List of Damages in a Personal Injury Lawsuit
A personal injury lawsuit helps victims recover for the harm and losses they endured due to an injury. Amounts included in a settlement or a jury verdict for harms and losses in these suits are referred to as damages, and they can vary depending on the case. Here’s a look at the most common harms and losses that result from negligent or careless conduct.
Medical bills tend to pile up after a personal injury. Victims often incur bills for emergency room treatment, physicians visits, occupational therapy, and chiropractic care. Additionally, you may face bills for medication and home healthcare providers and have to pay travel expenses to reach healthcare providers. A personal injury lawyer can help you assess all of these costs, so you don’t leave anything out.
Often, people are unable to work after suffering an injury. If you miss time at work due to your injury, those lost wages should also be included when calculating your damages. If your future earning ability has been compromised, your personal injury lawyer can also help you estimate those amounts.
Often confused with pain and suffering, emotional distress refers exclusively to emotional damages related to an injury. This can include post-traumatic stress disorder, anxiety, fear, depression, or loss of sleep. Generally, your personal injury lawyer needs to prove that your emotional distress was caused or made worse by the injury.
Loss of Consortium
Loss of consortium refers to damages awarded to the family members of an injured person.

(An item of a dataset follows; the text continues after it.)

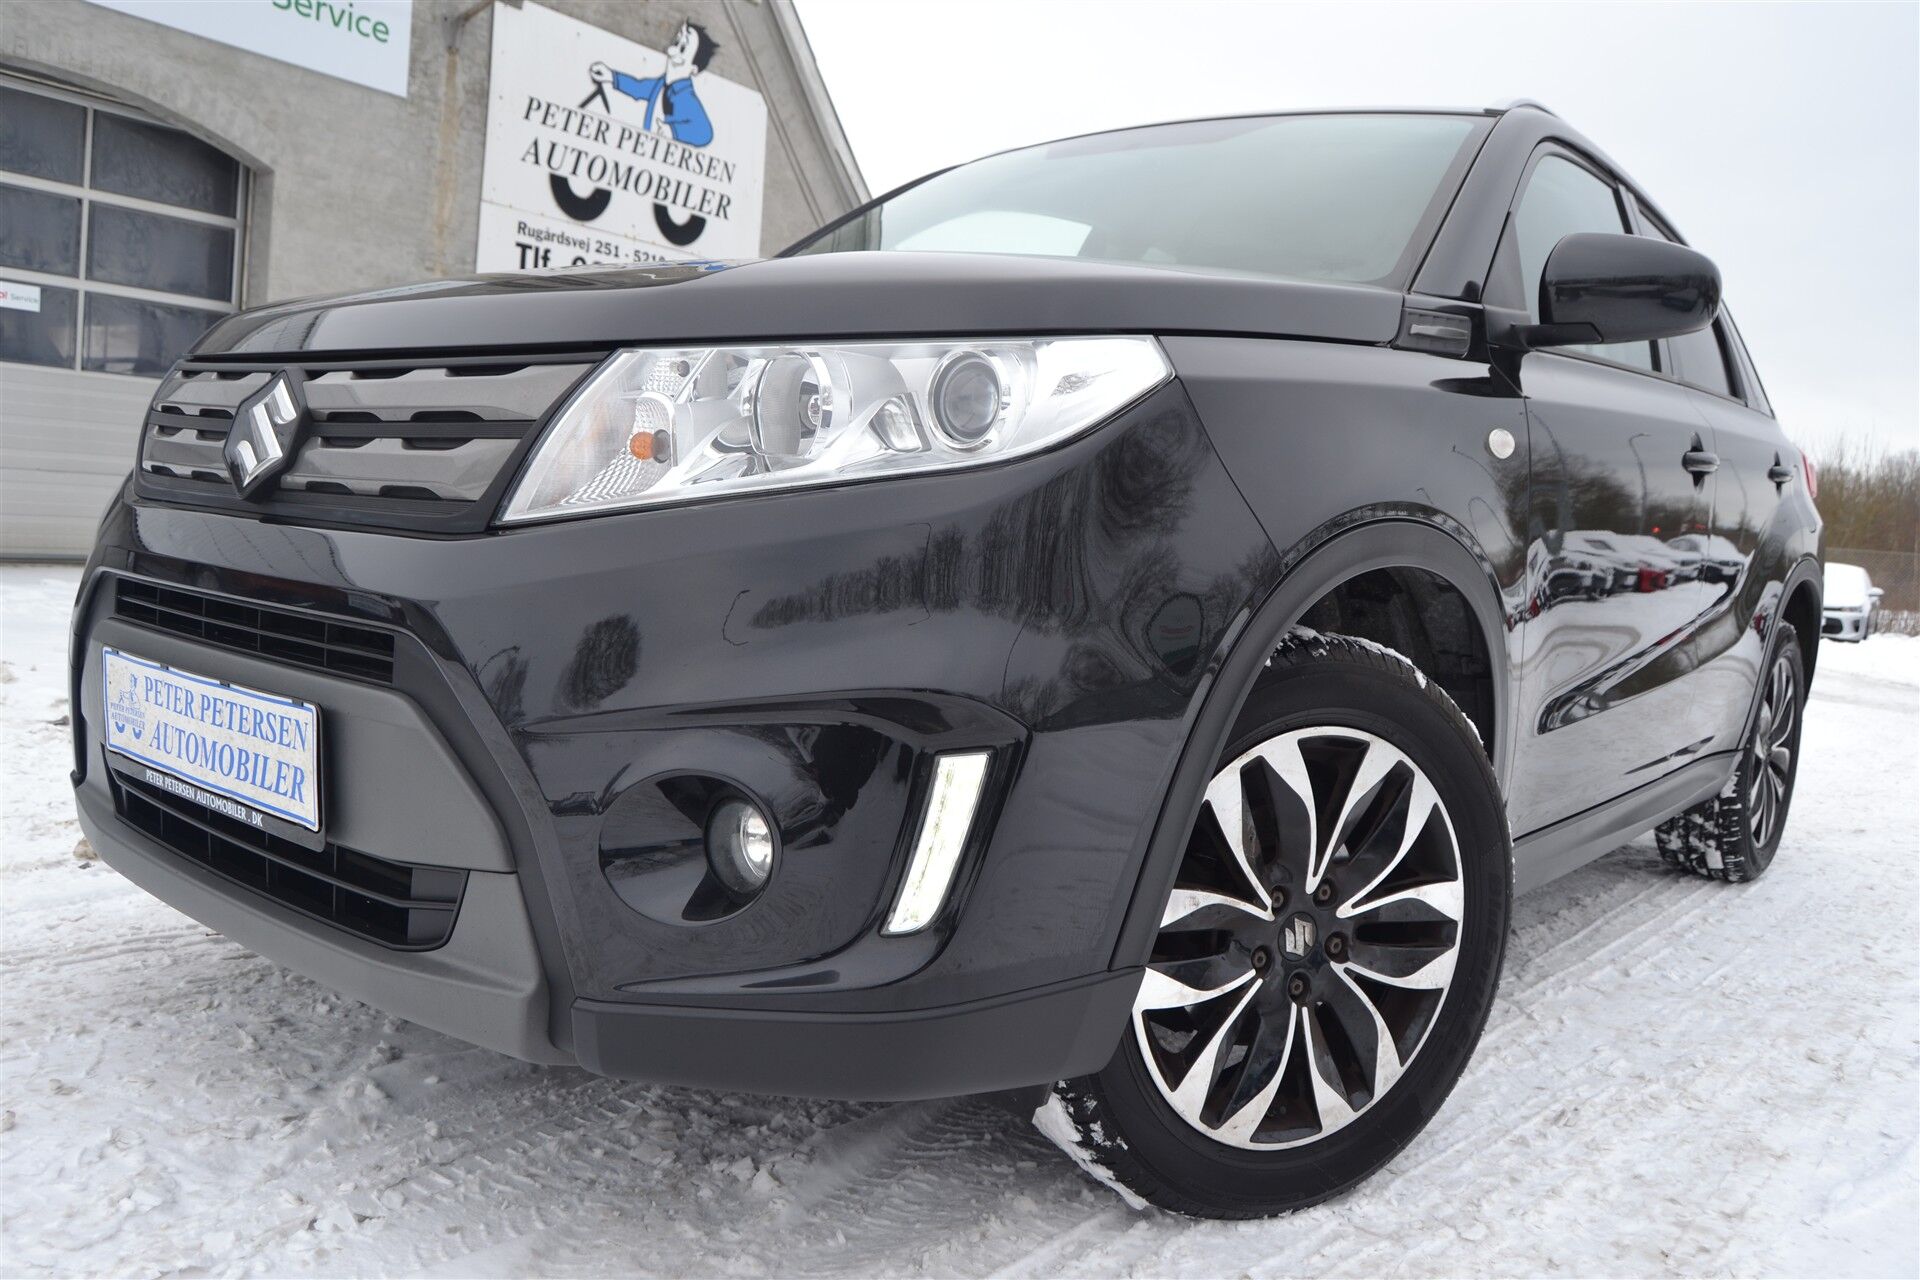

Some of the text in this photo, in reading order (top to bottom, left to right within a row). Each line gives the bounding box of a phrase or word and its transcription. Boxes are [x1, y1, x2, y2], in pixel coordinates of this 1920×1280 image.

In Ohio, the parents of an injured child can claim damages related to loss of consortium. Spouses can also claim these damages, in particular if they are no longer able to enjoy an intimate relationship with their spouse due to the injury.
Pain and Suffering
It’s difficult to put a price on pain and suffering. Constant pain can significantly diminish your quality of life, and in a personal injury lawsuit, pain and suffering payouts attempt to compensate for those damages. To firmly establish your level of pain and suffering for the courts, talk with your medical care providers about your pain so that it gets noted in your records. Additionally, take notes on how your pain affects your life and your ability to complete routine tasks.
Often, pain and suffering damages are calculated by applying a multiplier to your other financial damages. For instance, some people receive two times their other financial damages for pain and suffering, while others receive five times their other damages.
In cases where a personal injury has caused the death of an individual, there may be harms and losses to the spouse, children, grandchildren, parents or siblings of the deceased. Typically, these damages include both money losses and non-money losses. Money losses would include medical bills for the deceased, loss of financial support that the deceased would have provided to the family if they were still alive, and loss of inheritance. Non-money losses include mental anguish and loss of companionship, guidance, and counsel.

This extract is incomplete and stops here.